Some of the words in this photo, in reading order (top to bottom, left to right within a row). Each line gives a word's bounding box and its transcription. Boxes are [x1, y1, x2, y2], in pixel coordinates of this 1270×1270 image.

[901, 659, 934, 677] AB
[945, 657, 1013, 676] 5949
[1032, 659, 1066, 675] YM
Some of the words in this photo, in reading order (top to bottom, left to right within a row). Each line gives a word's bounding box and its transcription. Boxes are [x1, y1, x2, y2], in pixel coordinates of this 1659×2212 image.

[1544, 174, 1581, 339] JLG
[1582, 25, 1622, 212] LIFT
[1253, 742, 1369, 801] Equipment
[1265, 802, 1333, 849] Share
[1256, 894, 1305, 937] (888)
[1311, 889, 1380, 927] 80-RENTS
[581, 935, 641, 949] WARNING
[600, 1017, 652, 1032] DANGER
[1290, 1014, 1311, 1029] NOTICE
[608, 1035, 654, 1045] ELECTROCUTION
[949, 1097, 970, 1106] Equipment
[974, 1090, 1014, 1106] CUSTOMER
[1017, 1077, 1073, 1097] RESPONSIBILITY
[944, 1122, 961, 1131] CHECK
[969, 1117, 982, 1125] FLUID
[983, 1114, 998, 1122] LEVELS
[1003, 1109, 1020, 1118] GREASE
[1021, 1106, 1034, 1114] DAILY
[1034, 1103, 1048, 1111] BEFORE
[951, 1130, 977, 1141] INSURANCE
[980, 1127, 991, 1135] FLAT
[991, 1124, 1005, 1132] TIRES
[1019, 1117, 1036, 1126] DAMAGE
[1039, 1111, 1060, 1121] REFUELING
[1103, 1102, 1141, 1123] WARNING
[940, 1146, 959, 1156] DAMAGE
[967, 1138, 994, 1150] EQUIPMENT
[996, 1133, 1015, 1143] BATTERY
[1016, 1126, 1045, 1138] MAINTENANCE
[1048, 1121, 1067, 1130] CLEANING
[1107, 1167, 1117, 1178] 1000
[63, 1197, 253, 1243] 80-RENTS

----

Reprint the listing above. Keep every line exactly as it is.

• [The completed task]:
Some of the words in this photo, in reading order (top to bottom, left to right within a row). Each line gives a word's bounding box and its transcription. Boxes are [x1, y1, x2, y2], in pixel coordinates of this 1270×1270 image.

[901, 659, 934, 677] AB
[945, 657, 1013, 676] 5949
[1032, 659, 1066, 675] YM
Some of the words in this photo, in reading order (top to bottom, left to right within a row). Each line gives a word's bounding box and its transcription. Boxes are [x1, y1, x2, y2], in pixel coordinates of this 1659×2212 image.

[1544, 174, 1581, 339] JLG
[1582, 25, 1622, 212] LIFT
[1253, 742, 1369, 801] Equipment
[1265, 802, 1333, 849] Share
[1256, 894, 1305, 937] (888)
[1311, 889, 1380, 927] 80-RENTS
[581, 935, 641, 949] WARNING
[600, 1017, 652, 1032] DANGER
[1290, 1014, 1311, 1029] NOTICE
[608, 1035, 654, 1045] ELECTROCUTION
[949, 1097, 970, 1106] Equipment
[974, 1090, 1014, 1106] CUSTOMER
[1017, 1077, 1073, 1097] RESPONSIBILITY
[944, 1122, 961, 1131] CHECK
[969, 1117, 982, 1125] FLUID
[983, 1114, 998, 1122] LEVELS
[1003, 1109, 1020, 1118] GREASE
[1021, 1106, 1034, 1114] DAILY
[1034, 1103, 1048, 1111] BEFORE
[951, 1130, 977, 1141] INSURANCE
[980, 1127, 991, 1135] FLAT
[991, 1124, 1005, 1132] TIRES
[1019, 1117, 1036, 1126] DAMAGE
[1039, 1111, 1060, 1121] REFUELING
[1103, 1102, 1141, 1123] WARNING
[940, 1146, 959, 1156] DAMAGE
[967, 1138, 994, 1150] EQUIPMENT
[996, 1133, 1015, 1143] BATTERY
[1016, 1126, 1045, 1138] MAINTENANCE
[1048, 1121, 1067, 1130] CLEANING
[1107, 1167, 1117, 1178] 1000
[63, 1197, 253, 1243] 80-RENTS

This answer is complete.